## The task
Since only the text is wanted, print every entry below exactly and omit the images.

## Provided data
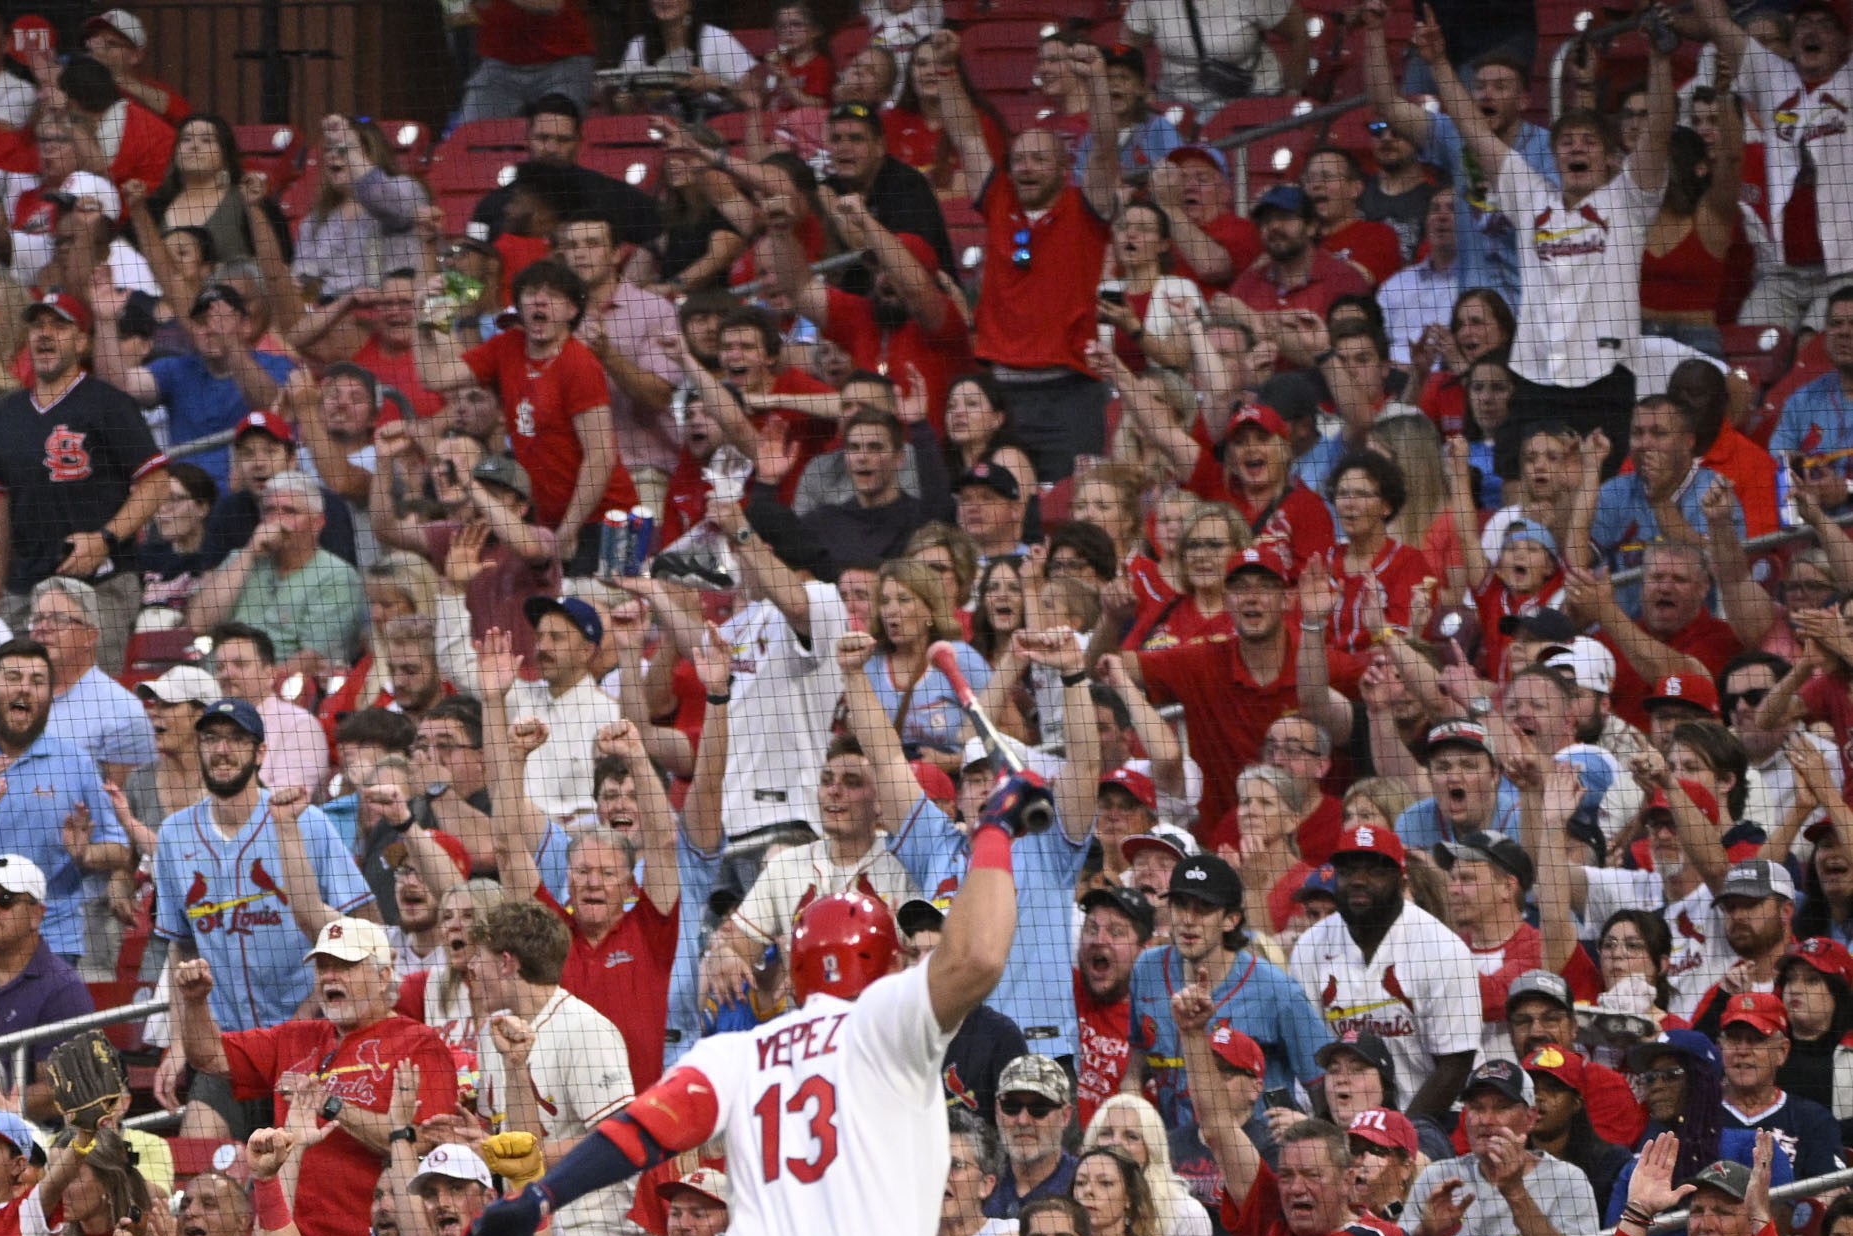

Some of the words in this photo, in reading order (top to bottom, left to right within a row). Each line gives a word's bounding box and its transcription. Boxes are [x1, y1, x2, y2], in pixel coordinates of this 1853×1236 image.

[226, 902, 284, 934] Louis
[756, 1012, 849, 1072] YEPEZ
[753, 1074, 838, 1185] 13
[1351, 1110, 1387, 1131] STL
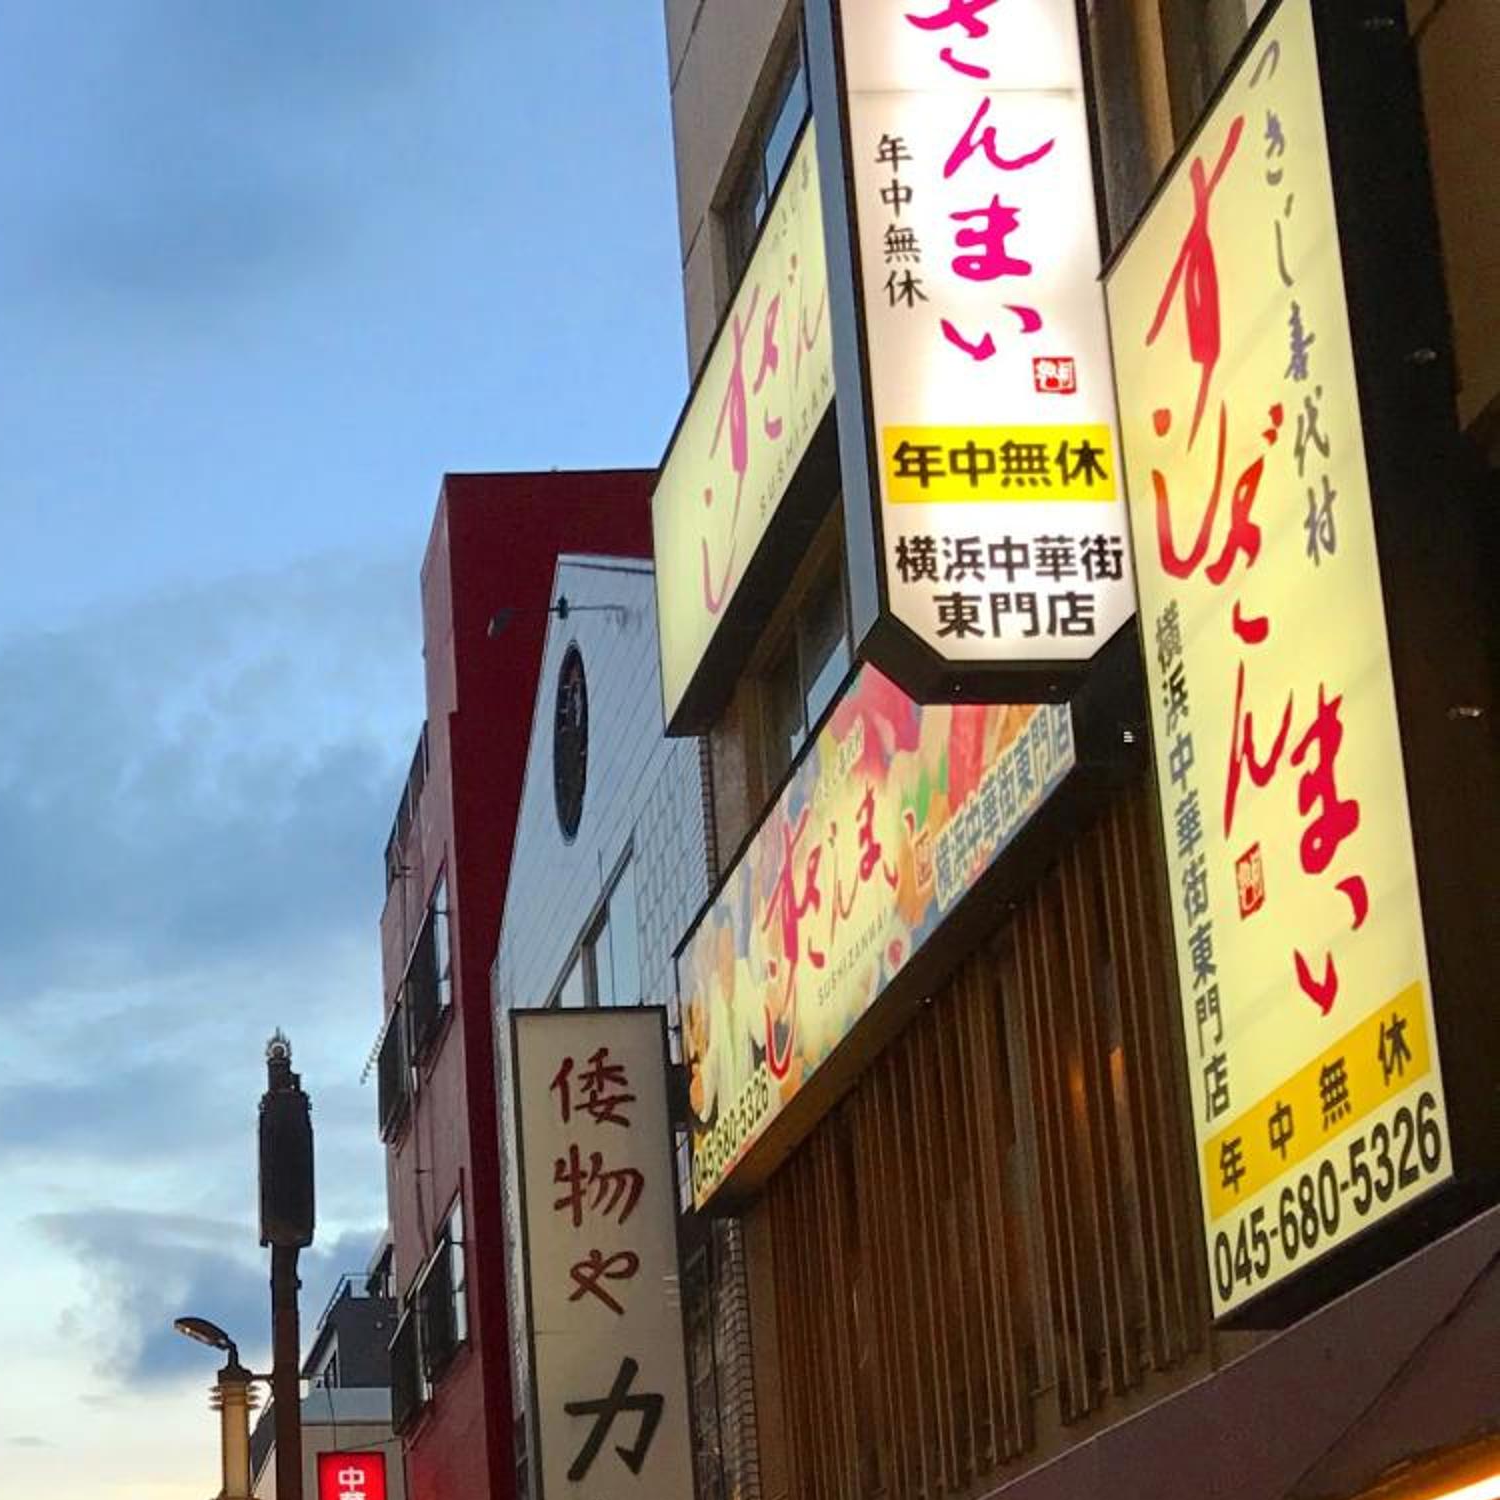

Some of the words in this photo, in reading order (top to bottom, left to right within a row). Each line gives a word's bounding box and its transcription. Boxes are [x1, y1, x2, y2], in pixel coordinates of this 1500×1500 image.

[874, 133, 930, 309] 年中無休
[892, 440, 1109, 490] 年中無休
[894, 535, 1125, 585] 横浜中華街
[934, 590, 1097, 640] 東門店
[1154, 598, 1232, 1125] 横浜中華街東門店
[692, 1068, 771, 1196] 045-680-5326
[1217, 1008, 1414, 1196] 年中無休
[1213, 1090, 1443, 1303] 045-680-5326

## Task solution
Some of the words in this photo, in reading order (top to bottom, left to right within a row). Each line gives a word's bounding box and its transcription. Boxes are [x1, y1, x2, y2], in pixel coordinates of this 1853×1236 image.

[226, 902, 284, 934] Louis
[756, 1012, 849, 1072] YEPEZ
[753, 1074, 838, 1185] 13
[1351, 1110, 1387, 1131] STL

Some of the words in this photo, in reading order (top to bottom, left to right within a row). Each line gives a word's bounding box and its transcription. Boxes are [x1, y1, x2, y2], in pixel coordinates of this 1500×1500 image.

[874, 133, 930, 309] 年中無休
[892, 440, 1109, 490] 年中無休
[894, 535, 1125, 585] 横浜中華街
[934, 590, 1097, 640] 東門店
[1154, 598, 1232, 1125] 横浜中華街東門店
[692, 1068, 771, 1196] 045-680-5326
[1217, 1008, 1414, 1196] 年中無休
[1213, 1090, 1443, 1303] 045-680-5326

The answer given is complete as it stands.